Chaining steps with pipes

Often, we want to do several of these actions in a row.
The pipe operator |> lets us pass the result of one step straight into the next:

penguins |>
  remove_missing() |>
  filter(species == "Gentoo") |>
  mutate(weight_kg = body_mass_g / 1000) |>
  select(species, island, weight_kg)

Reading this top to bottom is almost like reading a recipe:

  • Start with the whole penguins data set
  • Filter for the species Gentoo
  • Calculate weight in kg
  • Select just the columns needed for your analysis

This makes your code readable for both you and anyone else who needs to check it later.

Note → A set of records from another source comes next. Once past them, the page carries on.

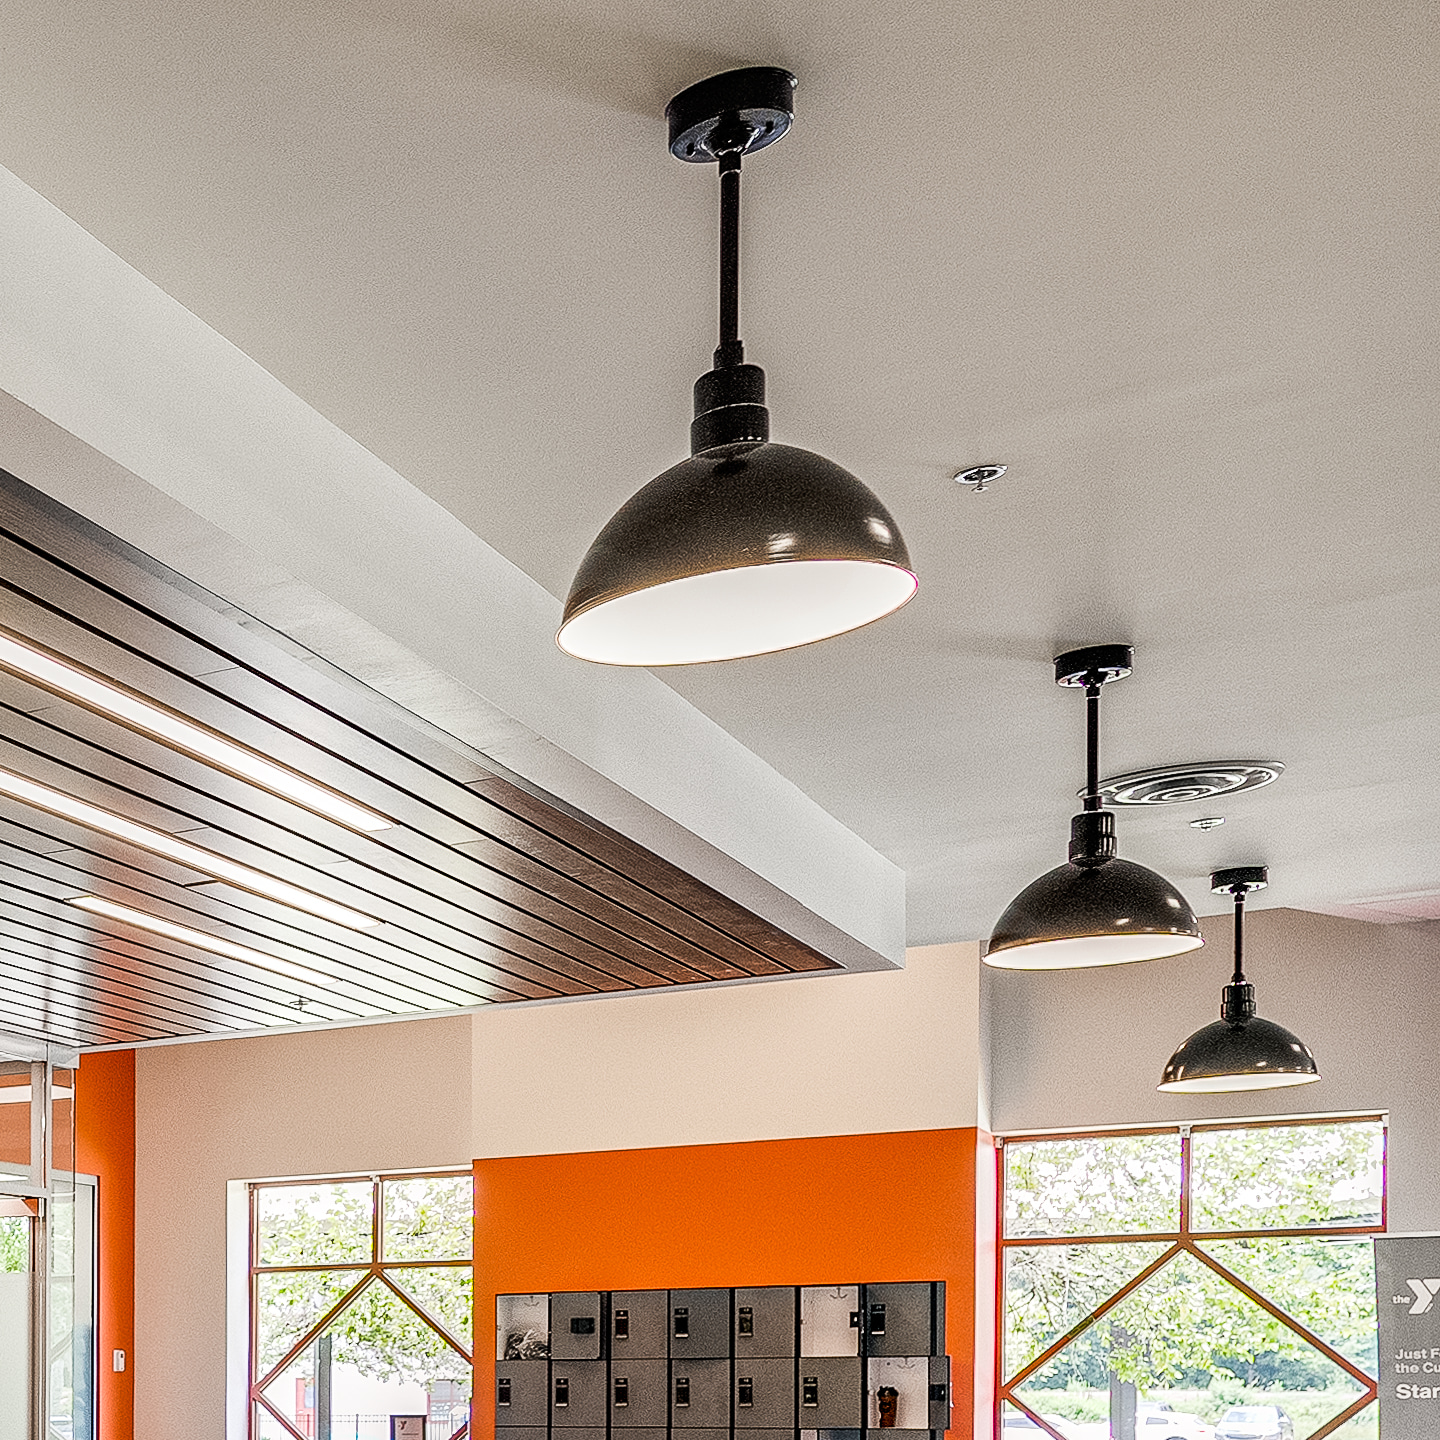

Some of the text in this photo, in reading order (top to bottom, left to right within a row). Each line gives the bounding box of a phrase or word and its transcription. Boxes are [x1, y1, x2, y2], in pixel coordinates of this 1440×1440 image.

[1392, 1295, 1411, 1305] the
[1395, 1348, 1440, 1360] Just F
[1395, 1363, 1420, 1374] the
[1395, 1383, 1440, 1400] Star
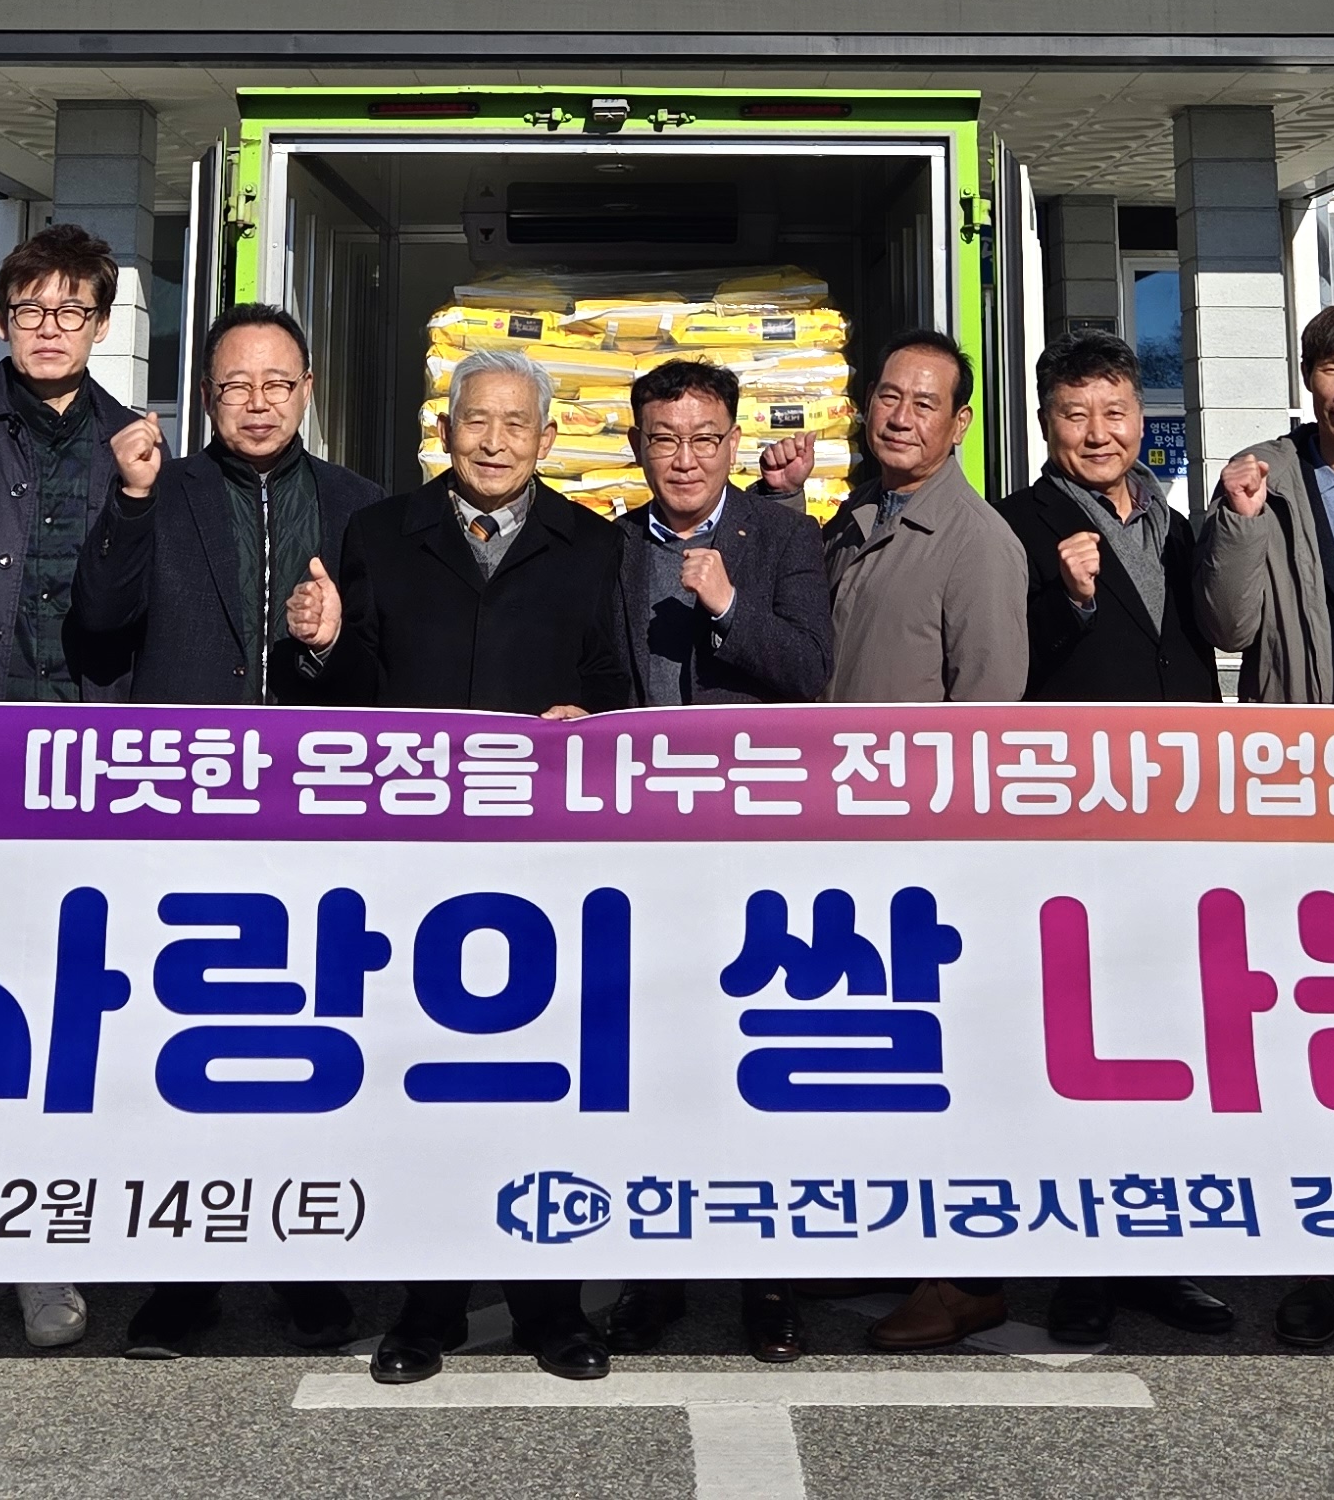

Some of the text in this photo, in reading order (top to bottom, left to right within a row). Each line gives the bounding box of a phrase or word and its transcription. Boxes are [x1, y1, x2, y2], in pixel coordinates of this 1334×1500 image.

[23, 726, 274, 815] 따뜻한
[292, 729, 539, 816] 온정을
[564, 731, 808, 817] 나누는
[719, 885, 963, 1113] 쌀
[123, 1177, 254, 1243] 14일
[270, 1177, 367, 1244] (토)
[625, 1172, 1262, 1241] 한국전기공사협회
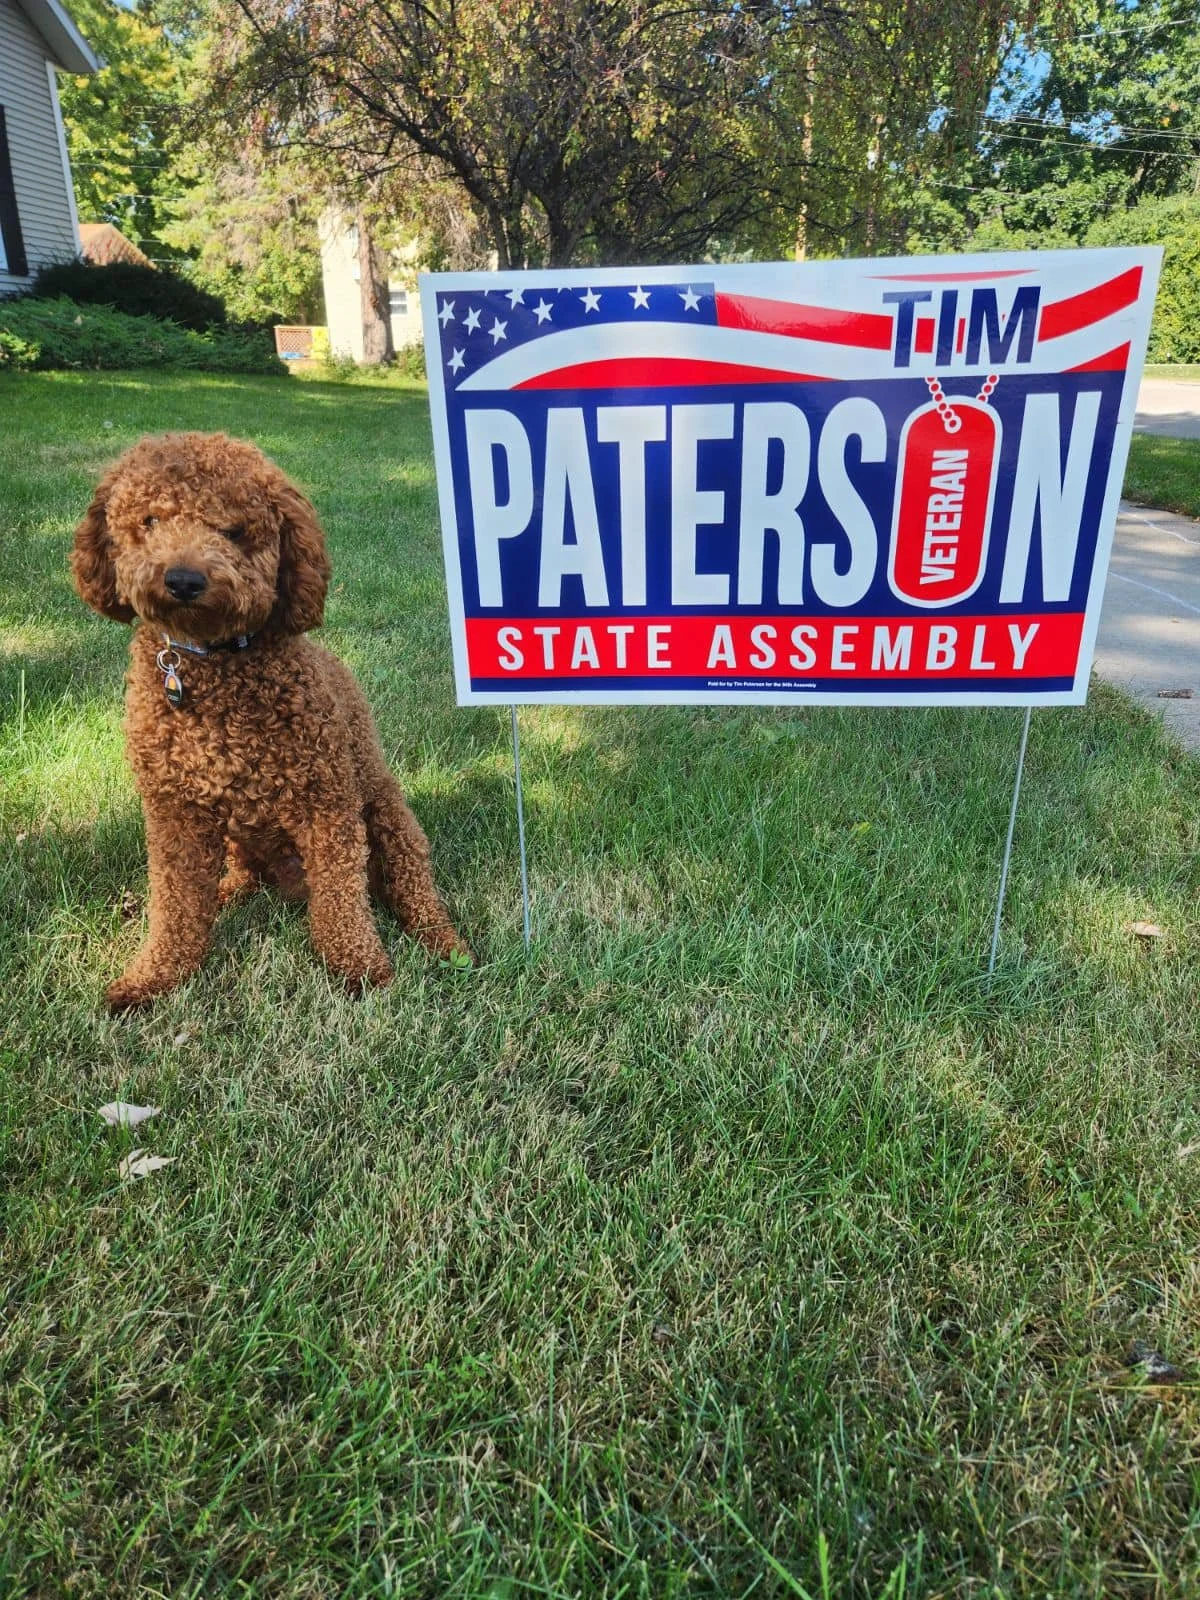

When you start combining several cleaning steps, your code can look messy. The pipe operator, |>, helps keep it readable. It passes the output of one step directly into the next — almost like saying “and then.” For example: start with penguins, and then remove missing values, and then filter for Gentoo penguins, and then create weight_kg, and finally select the columns you need. This helps keep your workflow clear.


Recap & next steps

  • Data wrangling is about preparing data for analysis.
  • Always inspect what you imported.
  • Tidyverse functions like filter, mutate, select, arrange, rename are your everyday tools.
  • Pipes make your workflow clear and logical.
  • Missing values (NA) are common and should be handled.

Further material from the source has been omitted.